Она вдруг поймала себя на мысли, что не знает, как выбраться из дурацкого, абсолютно дурацкого разговора. Если со стороны посмотреть, совсем он несерьезный, девчачий какой-то. Кто как обзывается, тот так и называется? Так, что ли? И ведет она себя тоже как малолетка – оскорбляется, ресницами хлопает. Но так приятно плюхнуться в этот разговор, и согреться в нем, и пооскорбляться, и ресницами похлопать… И еще – пусть Илья говорит. Пусть, пусть говорит! А она будет идти рядом, смотреть ему в лицо, любоваться толстыми ресницами, яркими глазами, забытыми жестами. Вот, например, как он рукой взмахивает, когда фразу заканчивает. Ладонь расслаблена, длинные крепкие пальцы в последний момент будто пробуют получившуюся фразу на ощупь. А сейчас он повернет голову, посмотрит на нее вопрошающе. И чуть поднимет левую бровь. Точно. Повернул, посмотрел, поднял. Господи, какой парень красивый! А может, и не красивый. Может, он ей одной красивым кажется.

Усмехнувшись самой себе, она подняла глаза к небу, вдохнула полную грудь терпкого и влажного воздуха, на сколько хватило сил. Огляделась. Липовая желтизна вдруг бросилась навстречу, закружила голову осенней радостью узнавания, порыв ветра шевельнул листья под ногами легкой поземкой. Боже, как хорошо. Да, это осень, это та самая липовая аллея, ее любимая, и до конца аллеи еще так далеко идти… По крайней мере, полкилометра пути у нее есть. Полкилометра легкости, полкилометра жизни. А парень пусть говорит. Какая разница, что он говорит. Кстати, что он такое говорит?
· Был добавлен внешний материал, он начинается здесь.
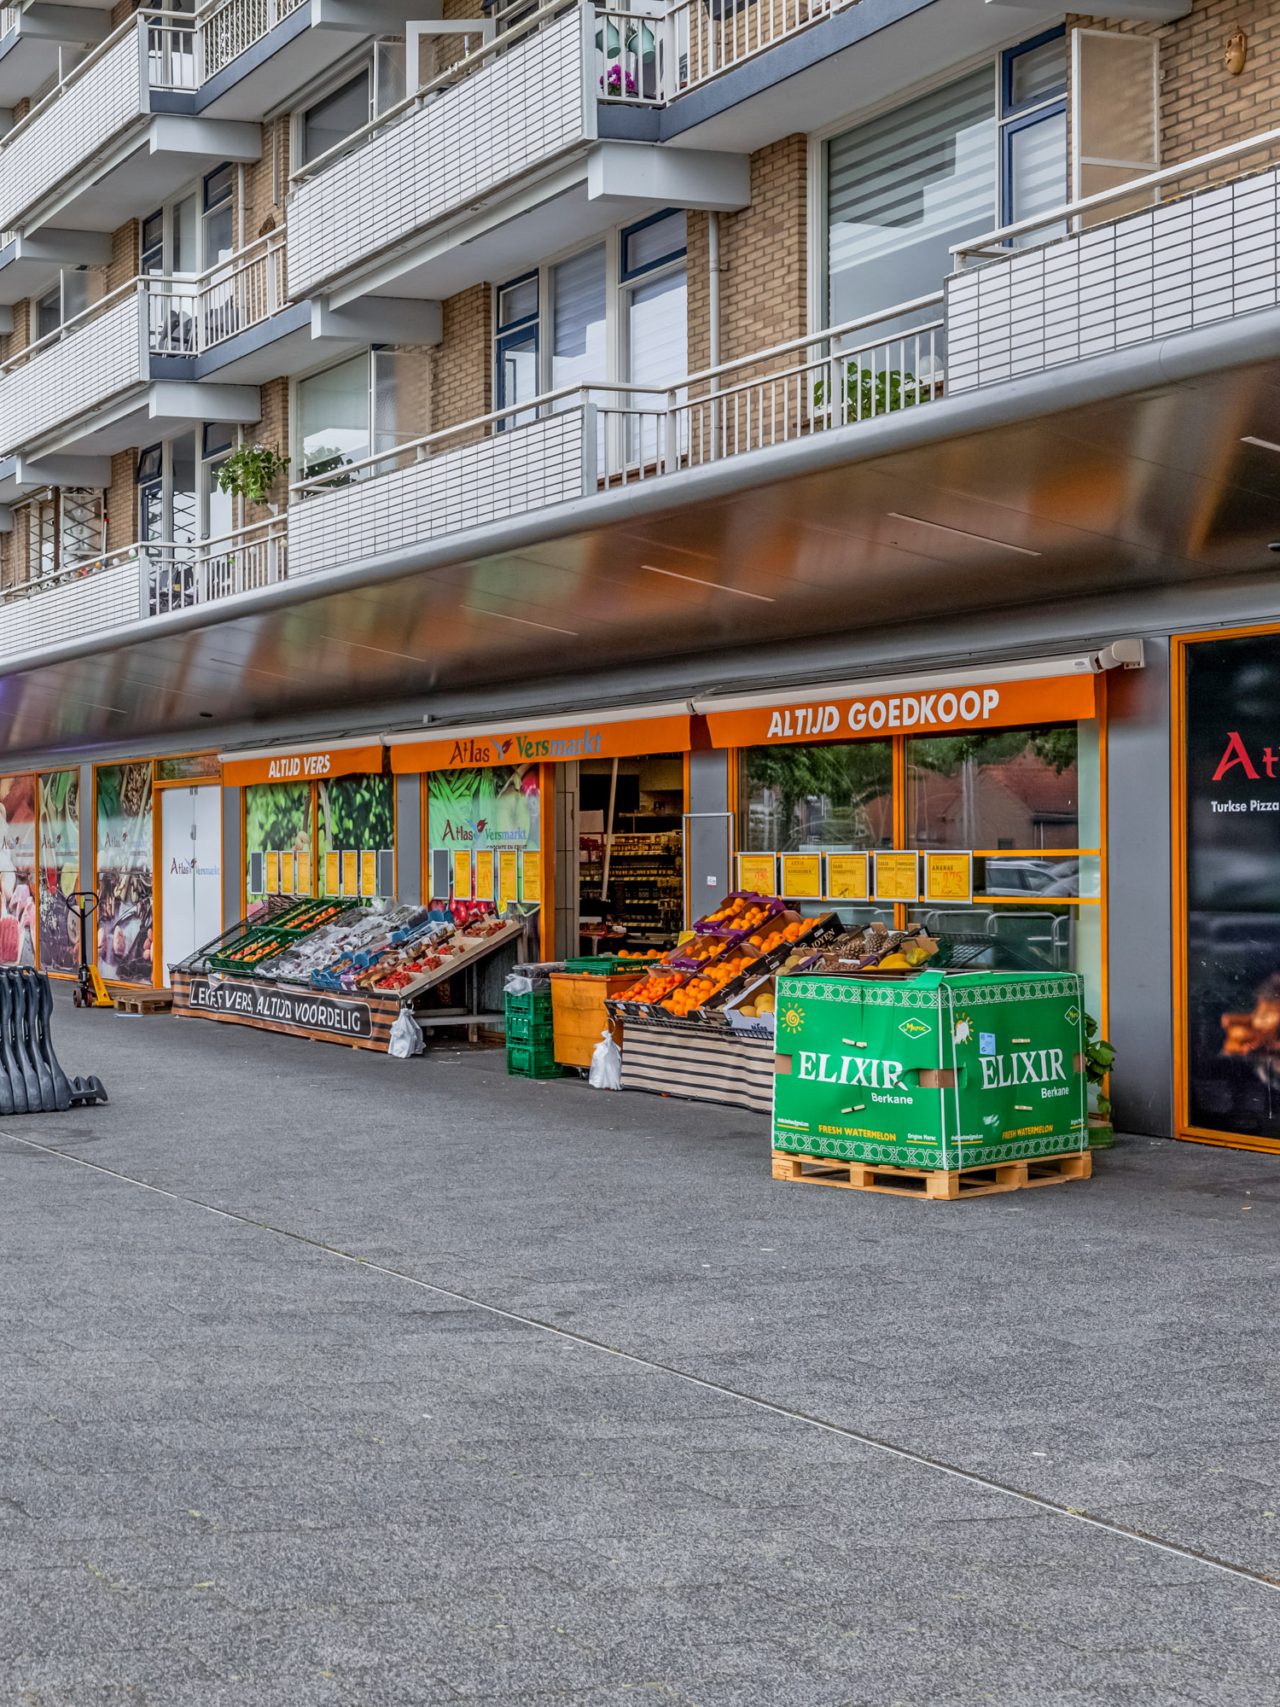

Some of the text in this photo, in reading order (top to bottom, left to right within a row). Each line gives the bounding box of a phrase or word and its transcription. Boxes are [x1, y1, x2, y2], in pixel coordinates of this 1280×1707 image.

[767, 689, 1000, 738] ALTIJD GOEDKOOP
[449, 729, 603, 765] Atlas Versmarkt
[268, 754, 331, 779] ALTIJD VERS
[1210, 800, 1280, 812] Turkse Pizza
[442, 819, 527, 841] Atlas Versmarkt
[170, 857, 189, 874] Atlas
[225, 990, 254, 1015] VERS,
[256, 996, 292, 1019] ALTIJD
[295, 1002, 361, 1032] VOORDELIG
[798, 1050, 909, 1091] ELIXIR
[978, 1048, 1067, 1090] ELIXIR
[871, 1092, 913, 1105] Berkane
[1041, 1086, 1069, 1099] Berkane
[818, 1124, 897, 1142] FRESH WATERMELON
[1002, 1124, 1054, 1140] FRESH WATERMELON
– …Ты знаешь, я где-то читал, что настоящая любовь, когда приходит к человеку, первым делом чувствительность в нем обостряет до невероятных пределов, вроде как третий глаз открывает. И он видит и слышит только правду. За чем бы она ни пряталась. За лекарствами, например. Как ты там таблетку назвала, которой я был?

– Анальгин… – автоматически подсказала она. Потом встрепенулась: – Нет, погоди, о какой правде ты говоришь? Я все никак в толк не возьму…
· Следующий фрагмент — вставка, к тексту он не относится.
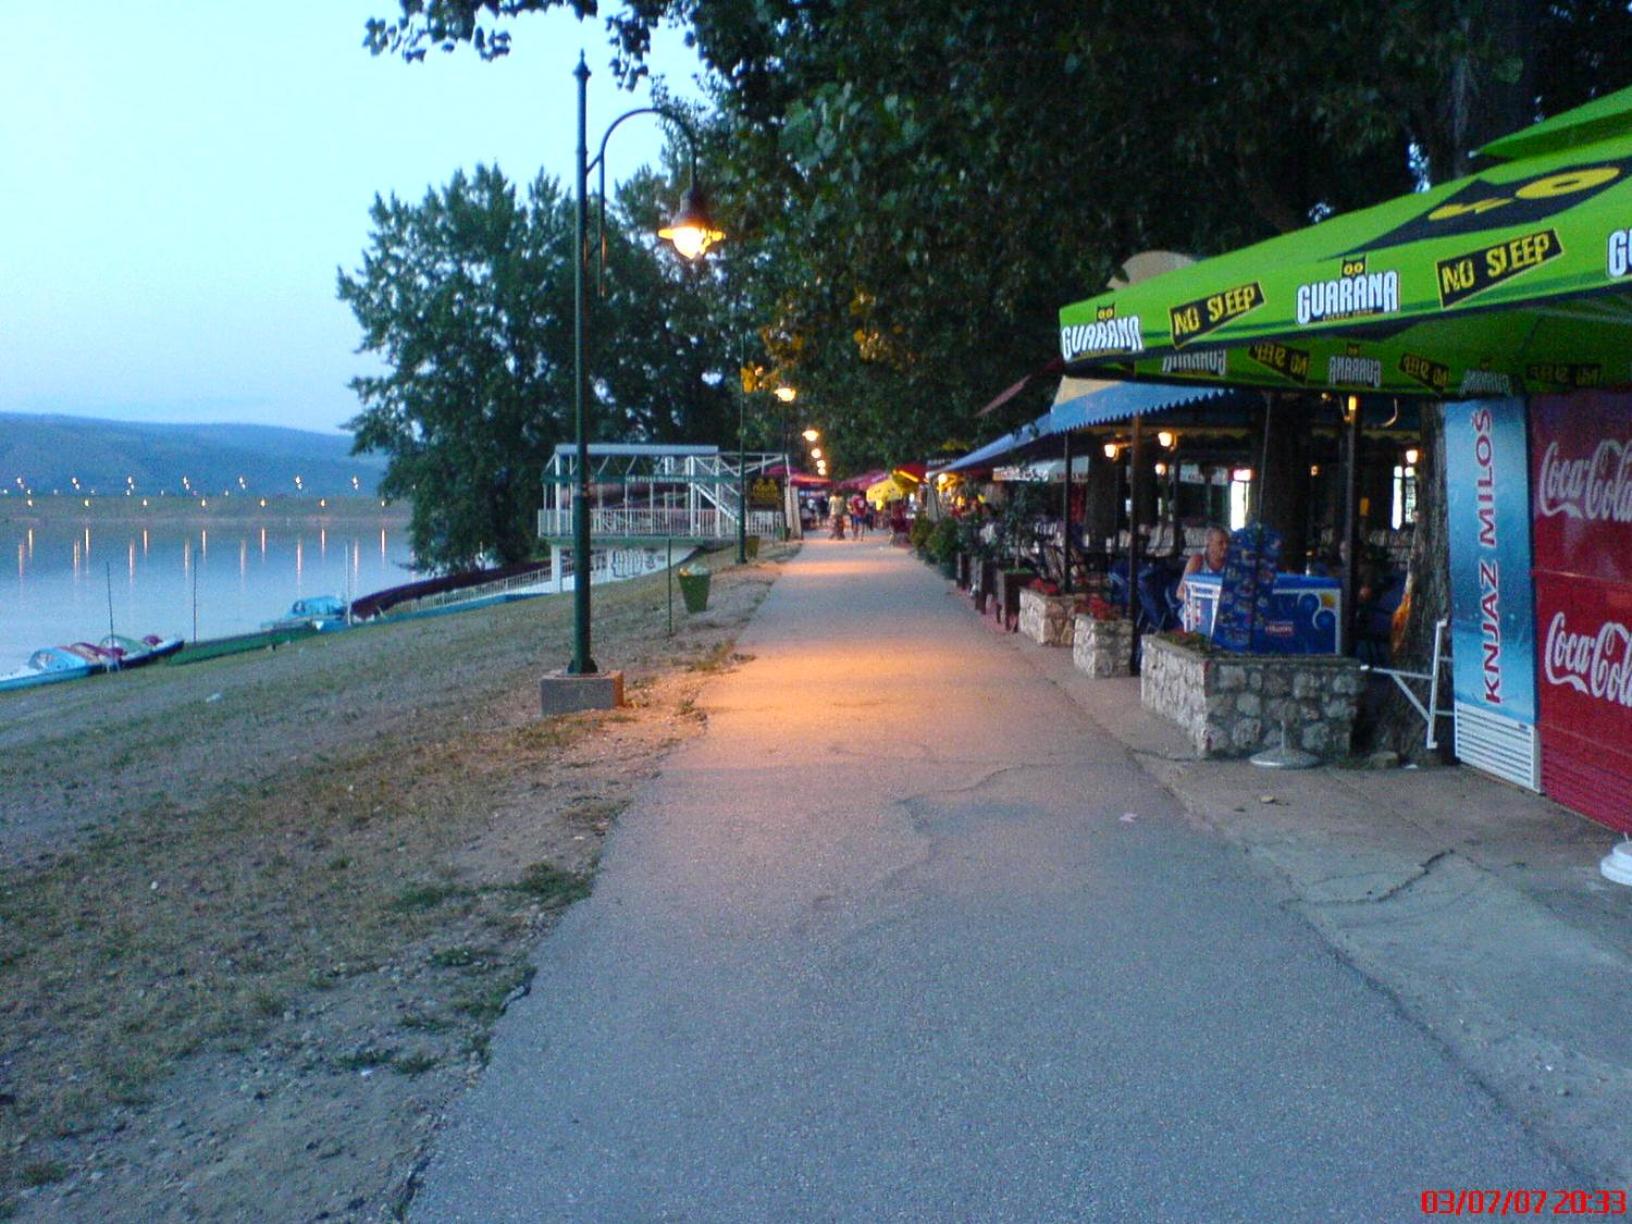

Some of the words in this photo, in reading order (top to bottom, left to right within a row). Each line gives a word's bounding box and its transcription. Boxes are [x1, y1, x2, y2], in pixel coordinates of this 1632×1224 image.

[1442, 259, 1475, 294] NO
[1486, 232, 1550, 278] SLEEP
[1173, 306, 1200, 336] NO
[1206, 285, 1255, 322] SLEEP
[1297, 269, 1398, 325] GUARANA
[1061, 315, 1143, 362] GUARANA
[1472, 409, 1496, 547] MILOŠ
[1481, 559, 1502, 704] KNJAZ
– Да все ты понимаешь, Марина. Ты меня тоже любишь, я знаю.

– «Ты меня любишь, лепишь, творишь, малюешь…» – пропела она с нарочитой смешинкой в голосе, снова подняв лицо вверх. Интересно, отчего это липы начинают облетать с верхушек? Наверное, там листья самые красивые. Сочные, желтые. А может, ветру так легче.

Илья шагнул вперед, развернулся, встал перед ней как вкопанный. Долго смотрел в глаза, молчал. Хотел пробиться, наверное, через ее насмешливость открывшимся третьим глазом. Дурачок. Чего хочет? Чтобы она расплакалась, тоже про любовь заговорила? Ну, заговорит, а что толку…
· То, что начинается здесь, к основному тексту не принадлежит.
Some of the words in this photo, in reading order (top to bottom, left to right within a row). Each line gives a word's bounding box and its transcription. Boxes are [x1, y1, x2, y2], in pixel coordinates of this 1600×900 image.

– Нет. Ты ошибаешься, Илья, – покачала она медленно головой, – и третий глаз твой тоже ошибается. И вообще, не ходи больше за мной. Не надо. Ни к чему это все.

– Марин… А меня отец к себе в Австралию зовет… – будто не слыша ее, проговорил он медленно. – Пятнадцать лет уже там живет. Они с мамой когда разводились, так и договаривались, что я потом к нему уеду. Я и специальность потому такую выбирал – всеядную. Компьютерщики везде нужны.

– В Австралию, говоришь? Хм! – изо всех сил попыталась она изобразить из себя резвого красноармейца Сухова, но получилось у нее плохо. Смешок получился скорее Петрухин, невнятный и слабоватый. И жалкий. Потому и улыбнулась поспешно, даже слишком поспешно, махнула ладошкой, будто оправдываясь: – А ты поезжай! Поезжай, конечно! Австралия все-таки! Я рада за тебя…

– Ты опять сейчас врешь, Марин… Нисколько ты не рада. Я знаю, я вижу, как тебе плохо. Только ты трусишь, не разрешаешь себе принять правду. А по ночам в подушку плачешь. Ведь плачешь?

– Да сам ты плачешь! Чего тебе от меня надо, Илья? Что ты пристал ко мне с этой правдой? Какая тебе еще правда нужна? Раз собрался уезжать, вот и уезжай, и вся тут правда…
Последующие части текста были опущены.